Исайя только пожал плечами. Пристав зевал от скуки: ему давно хотелось купаться.
— Еще чего прислали? Сыми-ко циновку.
Сняли циновку. Голова старика так и заерзала из стороны в сторону, лицо покраснело…
— Это еще что! А?
— Стяги говяжьи солены да полти свиные.
— Али я мясоядец! Али я не чернец! А? Еретик я, что ли!
Старик так взбеленился, что стал клюкой выбрасывать стяги и полти наземь и топтать ногами…
— А! На смех прислали мяснова! A! Вот же вам!
— Господи! Что ж это такое! — взмолился Исайя. — Да это не тебе присылка, а работным твоим людишкам, портному швечишке, шерстобиту да приспешнику, мирянам все.
Но старик и слышать ничего не хотел. Он бы, вероятно, еще долго шумел и горячился, если бы не заметил в воротах баб и мужиков с котомками. При виде их он сразу присмирел. Он видел, что это люди пришлые, может быть, издалека, из самой Москвы, пришли поклониться ему, «великому заточнику», и, быть может, и окрестные селяне пришли к нему полечиться.
Никон в изгнании полюбил лекарское дело. Ему помогал в этом инок Мордарий.

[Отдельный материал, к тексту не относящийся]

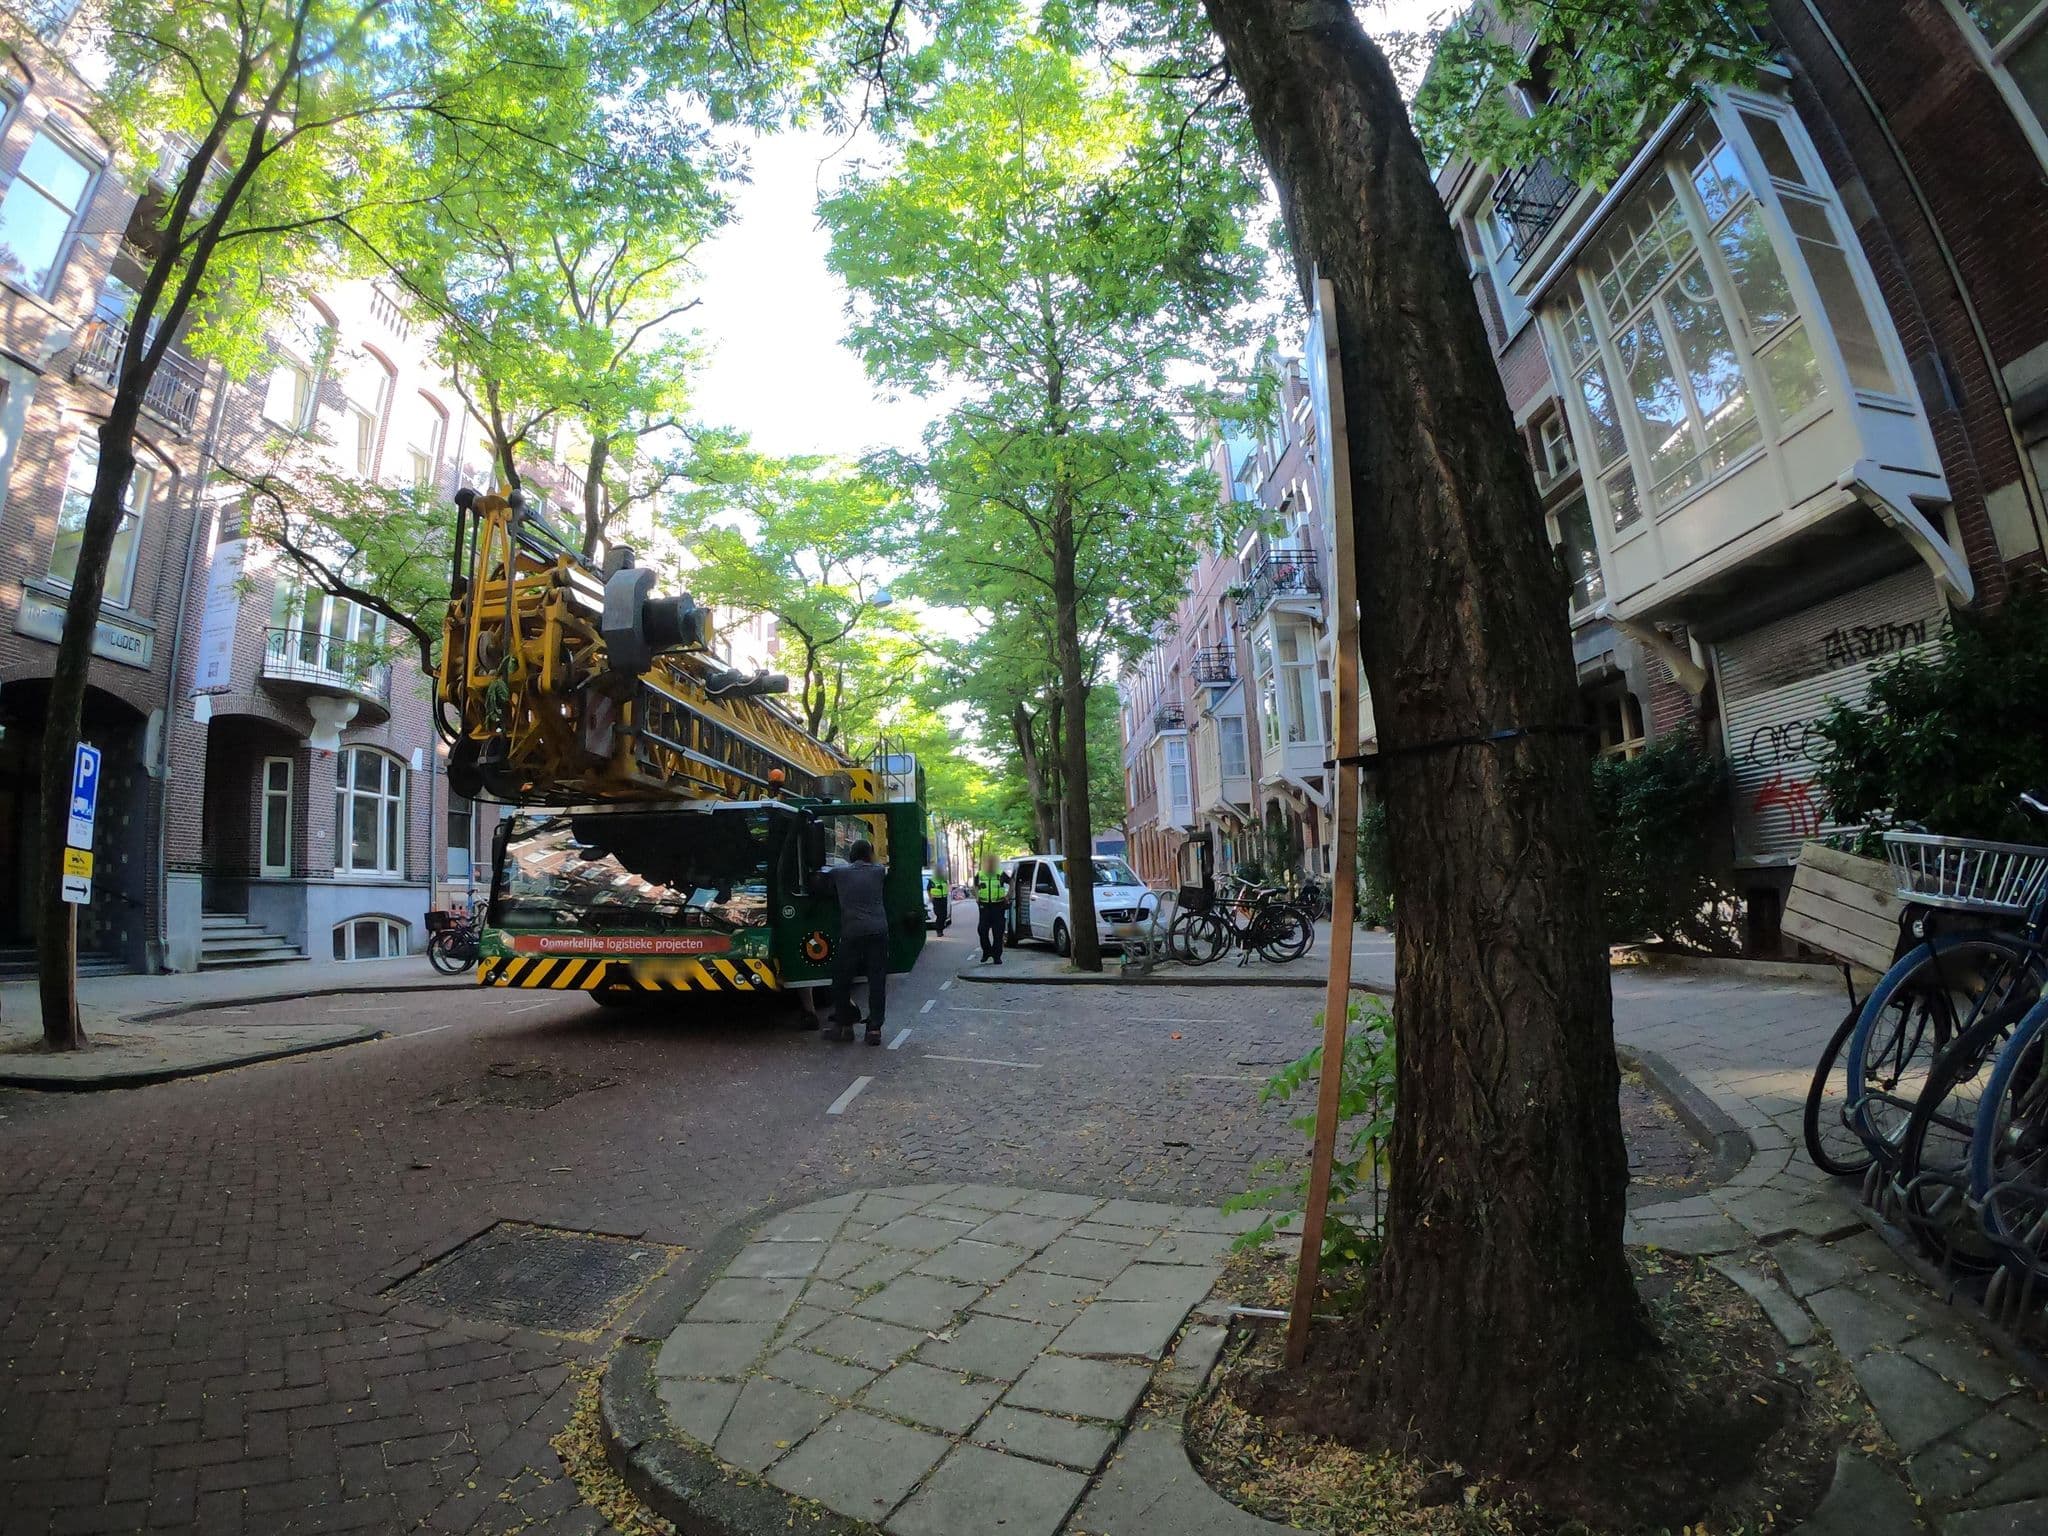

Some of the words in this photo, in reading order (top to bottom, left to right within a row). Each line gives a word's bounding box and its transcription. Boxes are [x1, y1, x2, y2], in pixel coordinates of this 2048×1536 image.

[78, 751, 95, 788] P
[606, 937, 653, 951] logistieke
[655, 938, 703, 952] projecten

Отец Мордарий часто езжал по поручению Никона в Москву и привозил оттуда лекарственные запасы, камень безуй, самое любимое лекарственное снадобье Никона, траву чечуй, зверобойную, целибоху, росной ладан, деревянное масло, скипидар, нашатырь, купорос, квасцы и камфору.
При виде пришлых людей лицо Никона несколько оживилось, глаза просветлели, как будто и потеплели, весь вид его как бы подобрел, и даже брюзгливый голос смягчился. И неудивительно: забытый всеми старик, заброшенный в пустынное, мертвенное заточение, человек, переживший свою славу, свое величие, старик, у которого разбита была вера в единственного, в «собинного» всей его жизни друга, в «тишайшего» царя Алексея Михайловича, некогда всемогущий сосамодержец русской земли, а теперь арестант, которого иногда нарочно дразнили и пристава его, и стрельцы, и монахи, особенно кирилловские, старик, уже больной и нравственно надломленный, он рад был всякому проявлению к нему участия и доверия, оживал при мысли, что и он еще не всеми забыт, что если не бояре, эти «псы, лающие только на нищих», то хоть простой народ его помнит и ценит…
Неудивительно отчасти и то, что он так измельчал в изгнании… Стальная воля Аввакума поддерживалась борьбой и настоящим подвигом мученичества, его рука тянулась за венцом мученика… А Никону и бороться было не с кем, кроме как с кирилловскою братьею из-за грибов, да рыбы, да хмеля…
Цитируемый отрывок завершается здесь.